A prehistoric burial mound that appears and disappears depending on which satellite image you look at, and which was entirely absent from Ordnance Survey maps for generations, is a peculiar thing to stumble across in a field in County Limerick.

This ditch-barrow at Ballynagally sits in wet pasture, conjoined with a neighbouring barrow to the south-west, part of a loose cluster of similar monuments in the area. A ditch-barrow is a low earthen mound, typically of prehistoric date, encircled by a surrounding ditch rather than an external bank, which is what distinguishes it from other barrow types. What makes this one especially curious is how thoroughly it evaded the record for so long.

The monument does not appear on any historic Ordnance Survey Ireland maps, nor was it picked up by aerial orthoimages taken between 2005 and 2012, or by Digital Globe surveys between 2011 and 2013. Its first recorded identification came from the Bruff aerial photographic survey in 1986, where it was catalogued as a circular enclosure with an external diameter of approximately 28.5 metres north to south and 27.5 metres east to west, appearing in the survey record as Bruff 218. A further aerial survey by the Archaeological Survey Ireland in January 2003 confirmed its presence when viewed from the south-west. Even then, visibility has proven inconsistent: Google Earth imagery from March 2017 shows the enclosure reasonably clearly, while imagery taken just over a year and a half later, in November 2018, renders it indistinct. Soil moisture, seasonal growth, and the particular angle of light all conspire to make this the kind of site that reveals itself only under the right conditions. The record was compiled by Edmond O'Donovan and uploaded in September 2020.

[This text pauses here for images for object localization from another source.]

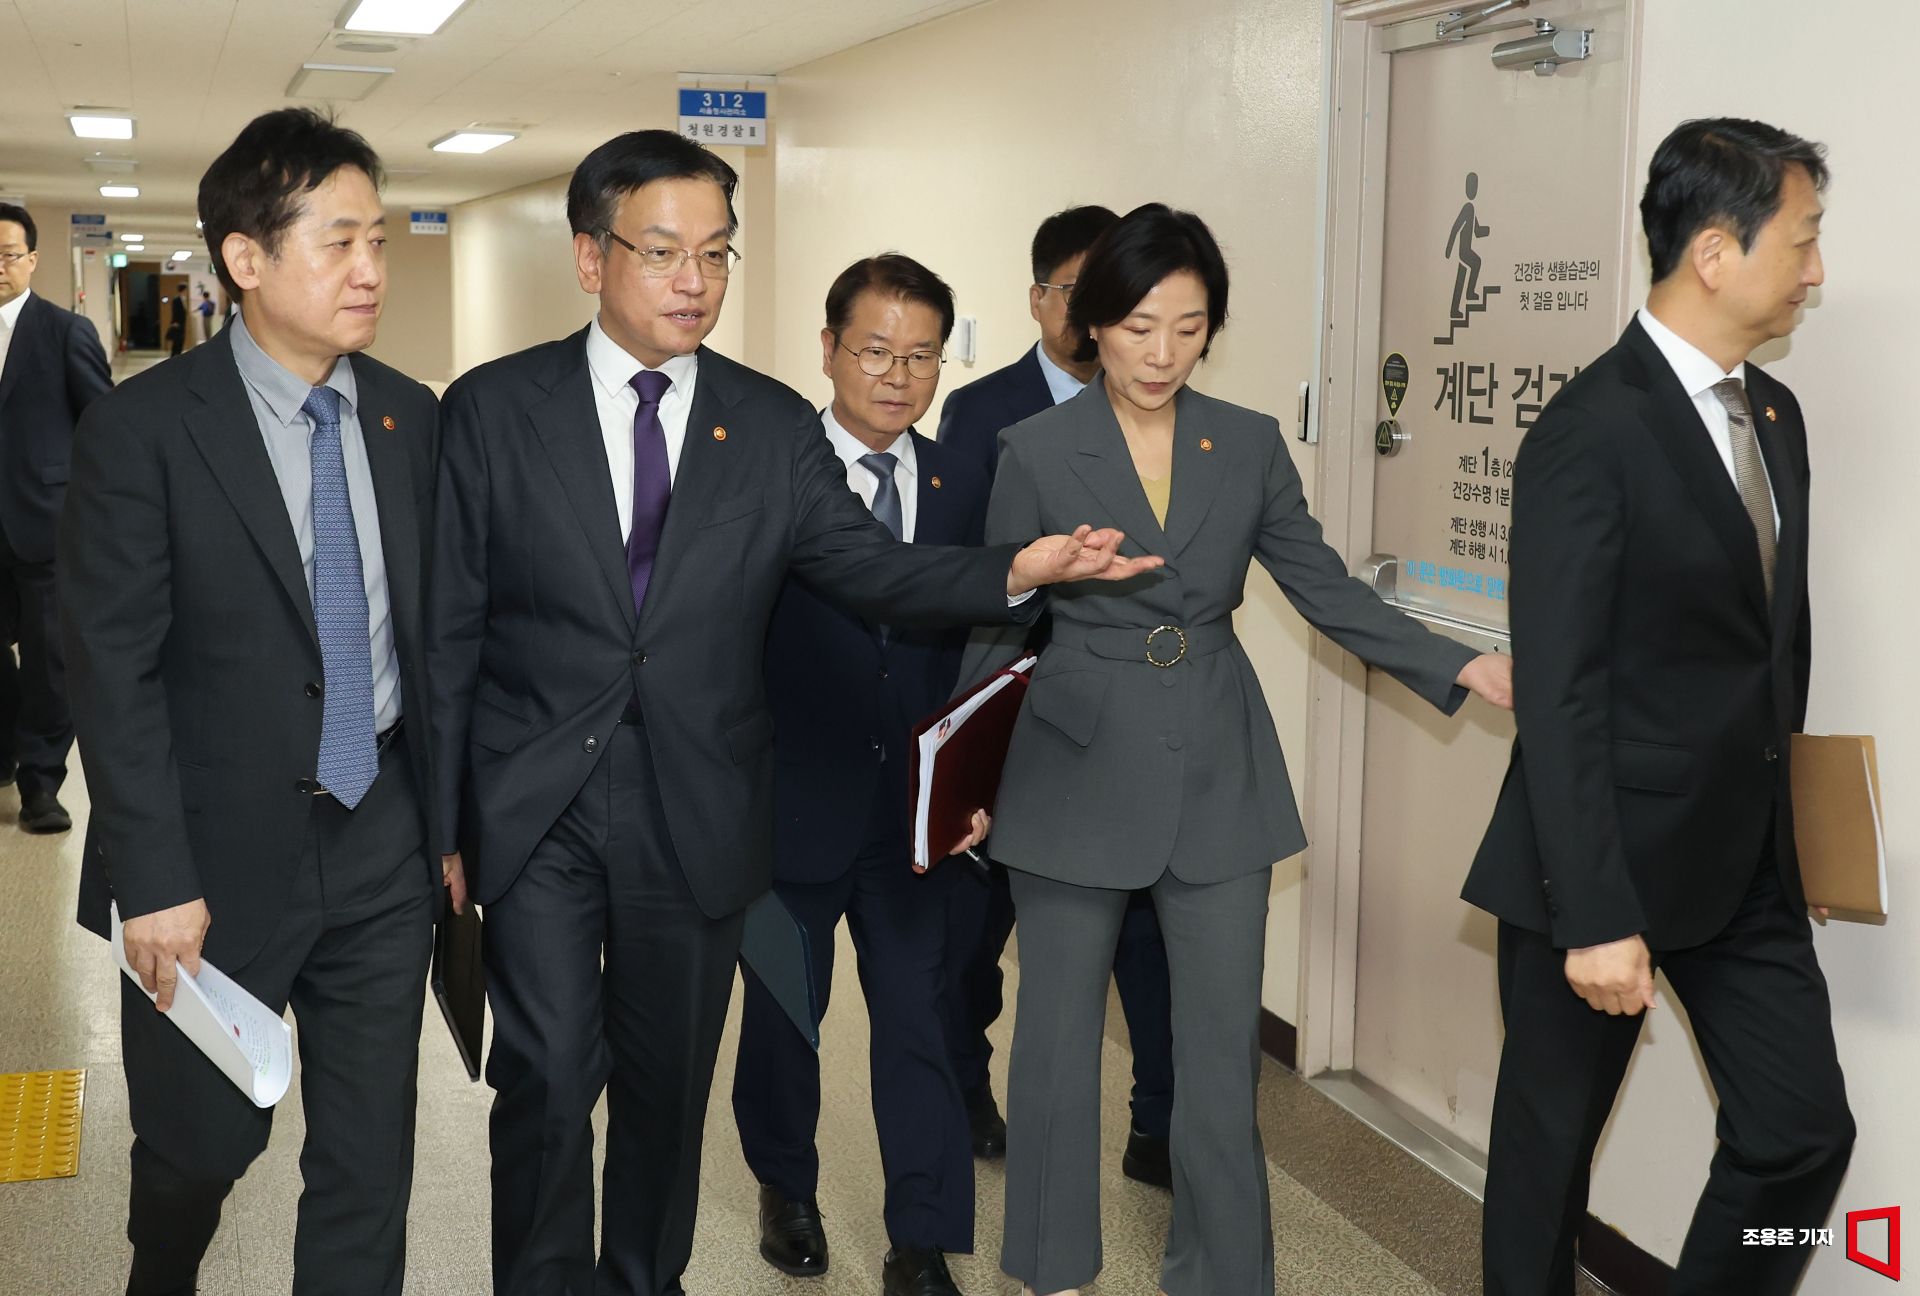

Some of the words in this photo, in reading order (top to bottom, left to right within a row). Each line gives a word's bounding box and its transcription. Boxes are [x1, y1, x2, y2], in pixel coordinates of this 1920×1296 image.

[702, 92, 744, 108] 312
[1514, 261, 1544, 282] 건강한
[1547, 259, 1601, 281] 생활습관의
[1519, 291, 1530, 311] 첫
[1533, 291, 1554, 311] 걸음
[1556, 290, 1589, 311] 입니다
[1434, 361, 1499, 424] 계단
[1458, 455, 1478, 474] 계단
[1452, 481, 1492, 505] 건강수명
[1450, 516, 1468, 535] 계단
[1469, 519, 1487, 538] 상행
[1489, 522, 1498, 541] 시
[1449, 538, 1467, 556] 계단
[1468, 541, 1486, 560] 하행
[1488, 545, 1497, 563] 시

Ballynagally is a rural townland in the Bruff area of south County Limerick, and the monument sits in actively farmed wet pasture, so access requires both local knowledge and landowner permission. There is no formal public access, and the ground conditions mean that heavy footwear is advisable in most seasons. The site is best appreciated not by standing in the field itself, where the slight topography of a ditch-barrow can be hard to read at ground level, but by cross-referencing the aerial survey images that accompany the National Monuments Service record. A nearby enclosure is recorded roughly 50 metres to the west-south-west, suggesting this corner of Limerick was once a more densely occupied landscape than its present quiet pasture would suggest.